'''
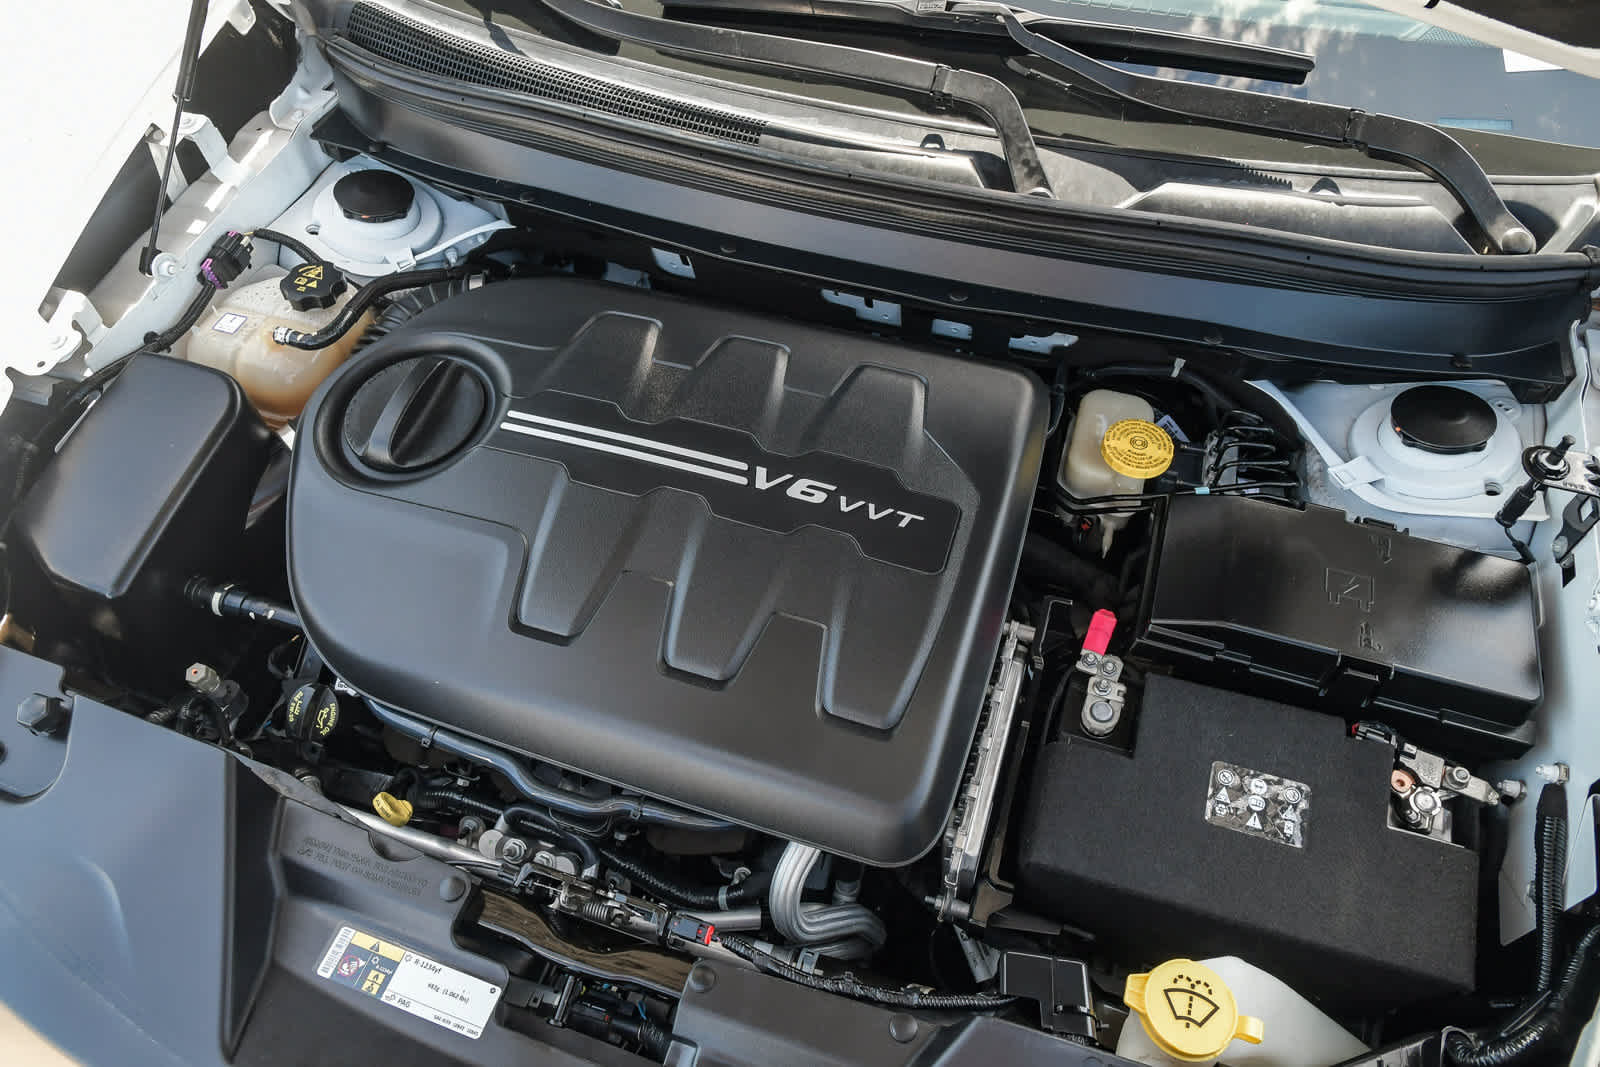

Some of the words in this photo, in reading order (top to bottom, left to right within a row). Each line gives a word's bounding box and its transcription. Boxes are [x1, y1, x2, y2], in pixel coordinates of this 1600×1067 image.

[755, 466, 838, 504] V6
[840, 495, 925, 528] VVT
[327, 703, 337, 727] ENGINE
[320, 727, 330, 736] OIL
[397, 997, 410, 1008] PAG
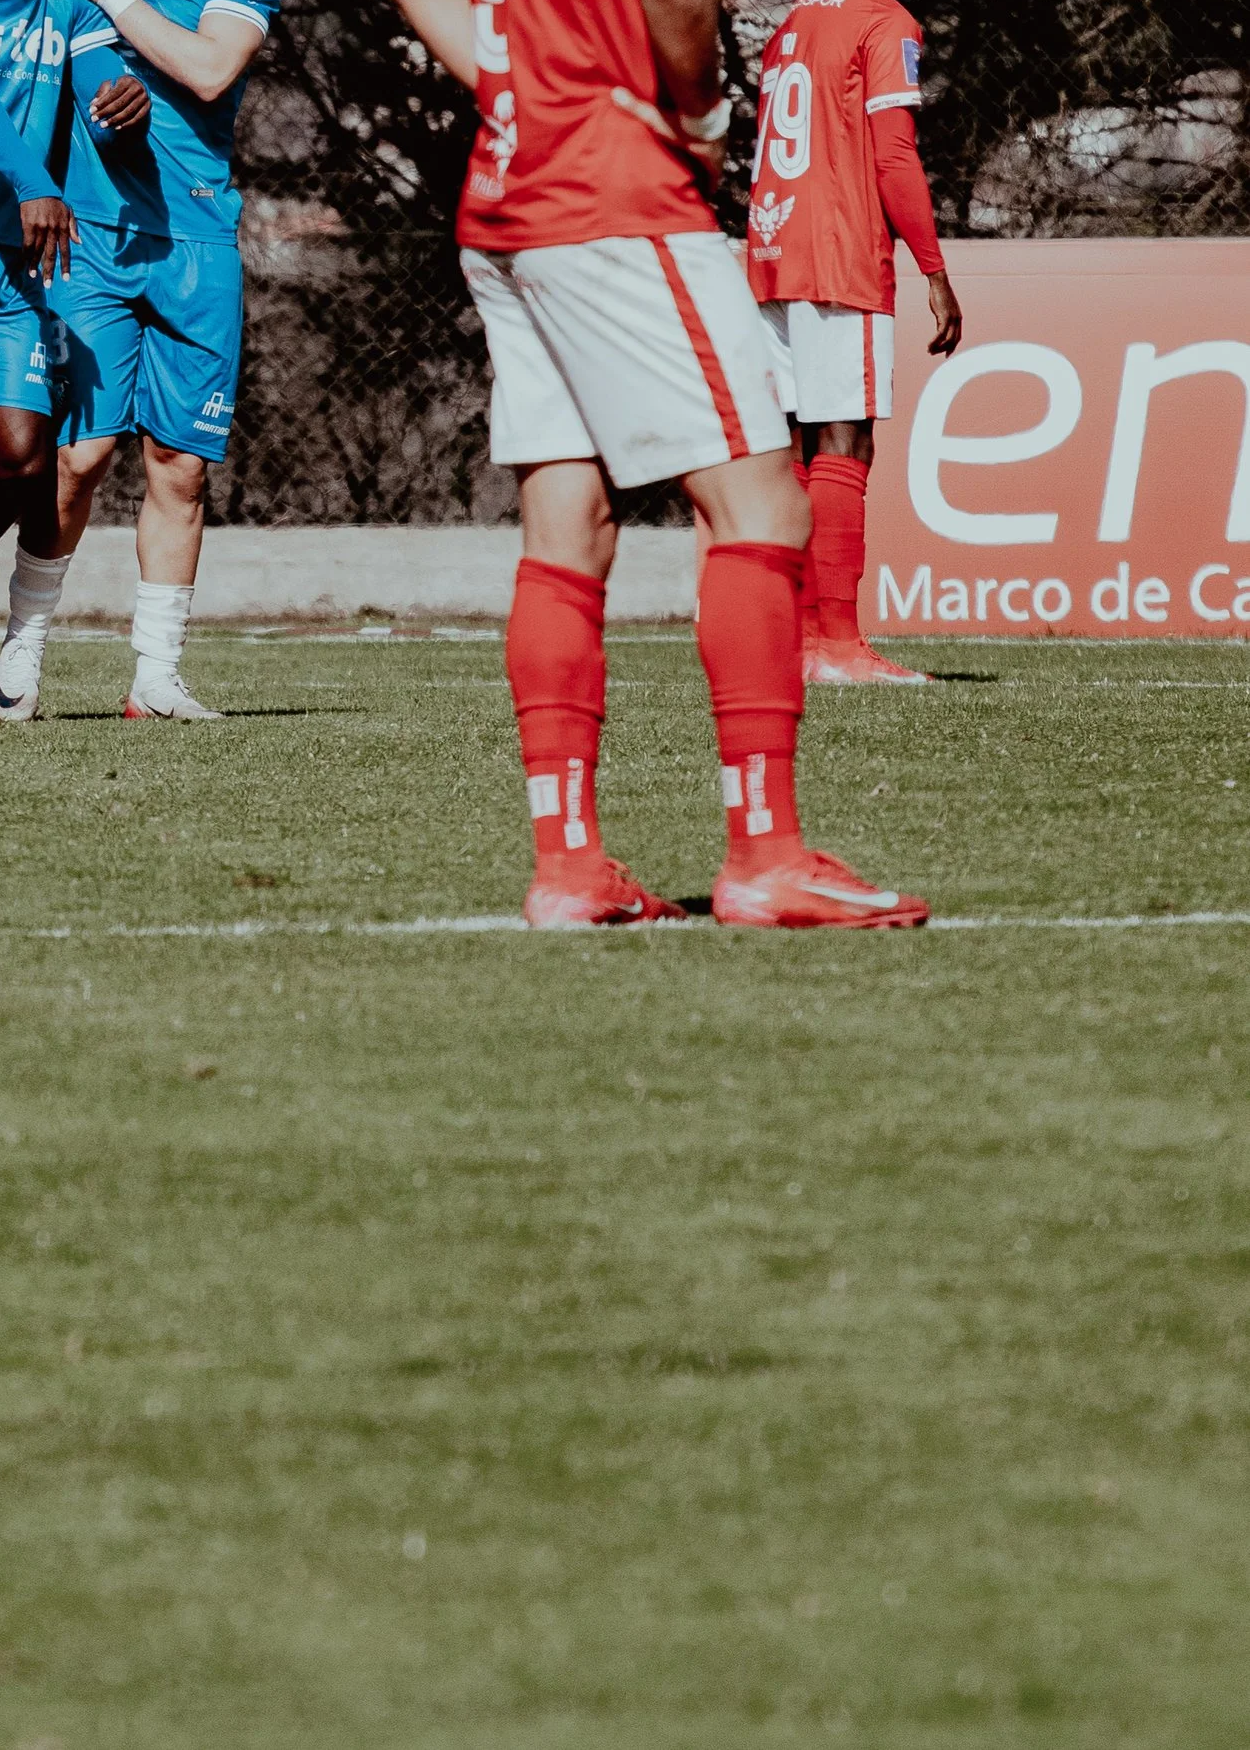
'''
- [What to produce]
Please return the records as they stand, word for word, with no pictures.

- [Output]
Some of the words in this photo, in reading order (top to bottom, left to right within a row). Each line gives a word's bounding box and its transcription. Boxes are [x1, y1, x2, y2], in pixel coordinates of this 1600×1067 image.

[755, 466, 838, 504] V6
[840, 495, 925, 528] VVT
[327, 703, 337, 727] ENGINE
[320, 727, 330, 736] OIL
[397, 997, 410, 1008] PAG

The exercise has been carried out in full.